Why Do Some Knives Have Dimples?

A set of good knives is a must in any kitchen. They are probably the one piece of equipment you will use more than any other when you cook. In fact, chef Dennis Prescott, co-host of "Restaurants on the Edge" and author of "Eat Delicious: 125 Recipes for Your Daily Dose of Awesome," told NBC News, "Knives are a chef's best friend and the most essential tool in every kitchen. You'll pick one up literally every time you cook." But if you have ever gone shopping for these cutting tools, you know there are a lot of choices and options to be had. One option that always intrigues us are the knives that have dimples along the blade. Do they serve a purpose or are they just a cool decorative quality?  

Per Fine Cooking, these knives with the dimpled edge are called Santoku and are Japanese all-purpose knives. And believe it or not, those dimples are not just a cool modern decorative take on knives, they serve a helpful purpose. Prescott noted to NBC that Santoku knives really allow for a "refined slicing." He said, "This style has a wide blade with no tip, a dull back spine that curves down to meet the straight-edged front blade." But about those dimples ...

They help with friction and sticking

Fine Cooking shares that the dimples of Santoku knives are called "kullenschliff" or a "Granton edge," and they help decrease friction so as you are slicing and dicing all your onions and bell peppers don't stick to your knife. Do they work?
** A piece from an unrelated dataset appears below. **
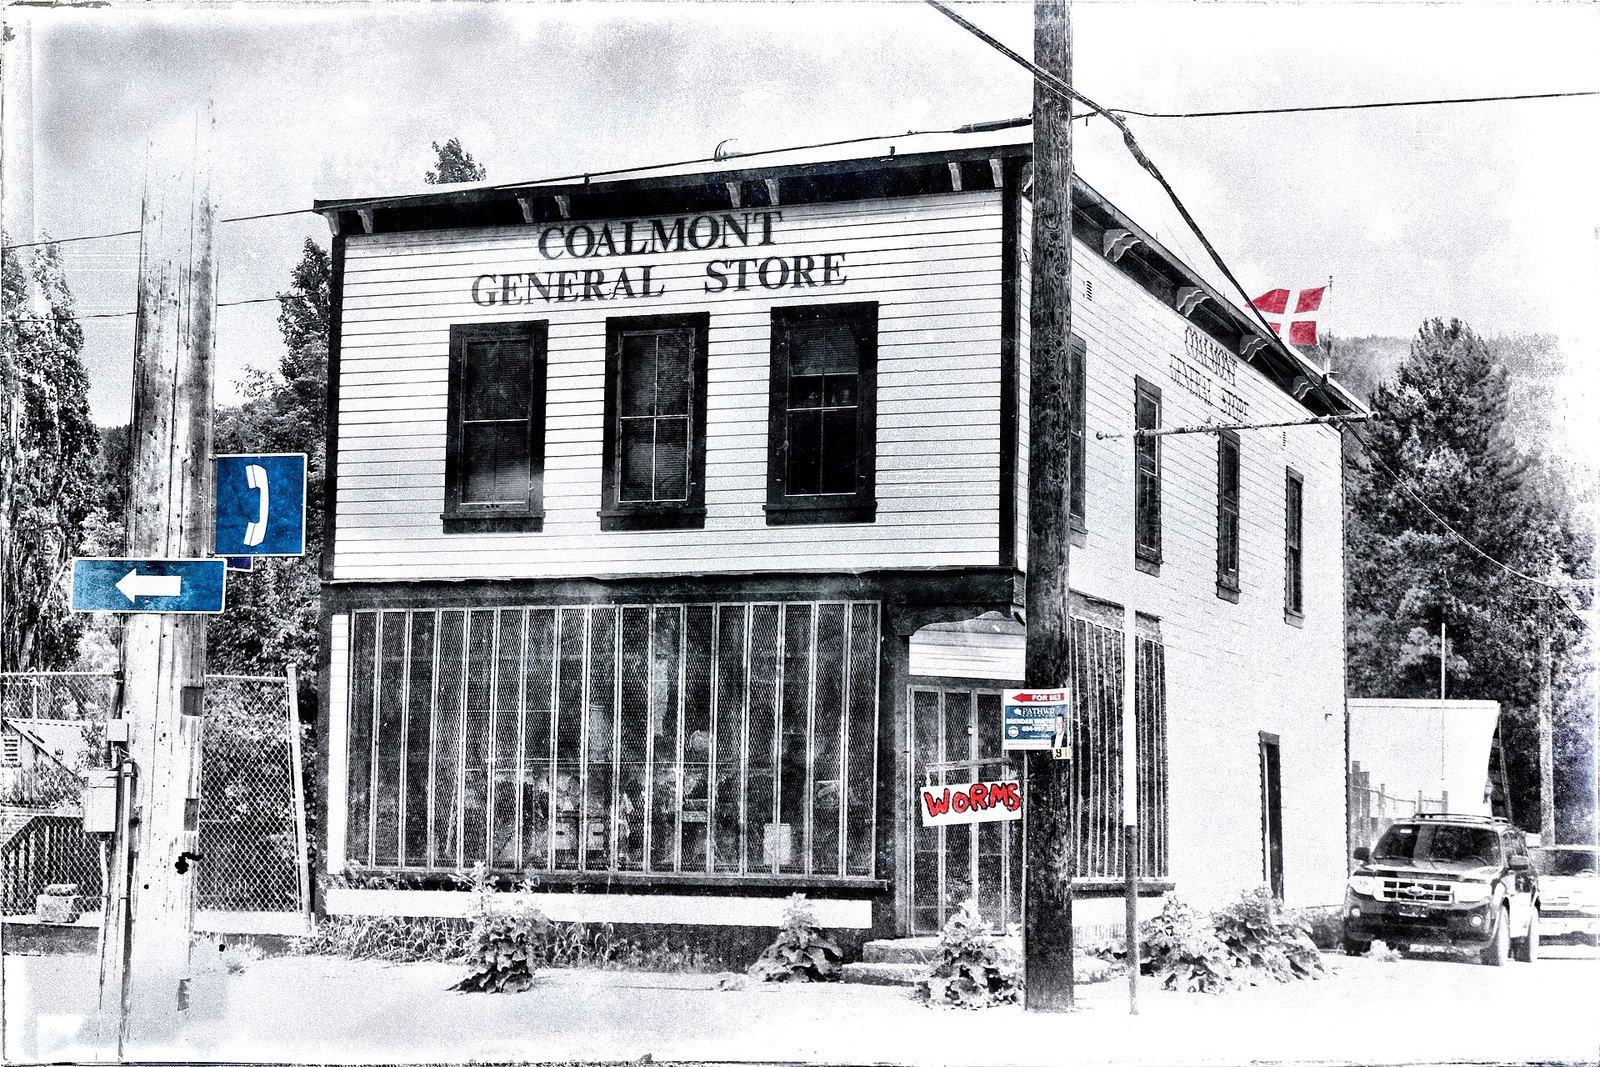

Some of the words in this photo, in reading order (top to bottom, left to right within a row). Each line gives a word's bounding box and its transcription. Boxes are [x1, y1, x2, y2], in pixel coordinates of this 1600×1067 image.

Knives and Tools put these cutting tools to the test and found that knives with a flat surface are more likely to have food stick to them than those with dimples or kullenschliff. And they went on to reveal a knife with holes can keep food from sticking even better than those with dimples. Santoku knives have definitely become super popular and spurred other knife makers to add those fun-looking dimples to their knives as well. 

However, most experts share that as awesome as Santoku knives are, the best knives are those that are sharp and well-maintained. Translation, don't break the bank splurging on this kitchen gear. Dennis Prescott also explained to NBC News that liking your knives is really important because it will make cooking more enjoyable. Prescott said, "Whether you prefer the Japanese-style santoku or German and French-style chef's knife, you want to love your knife. Like, actually love."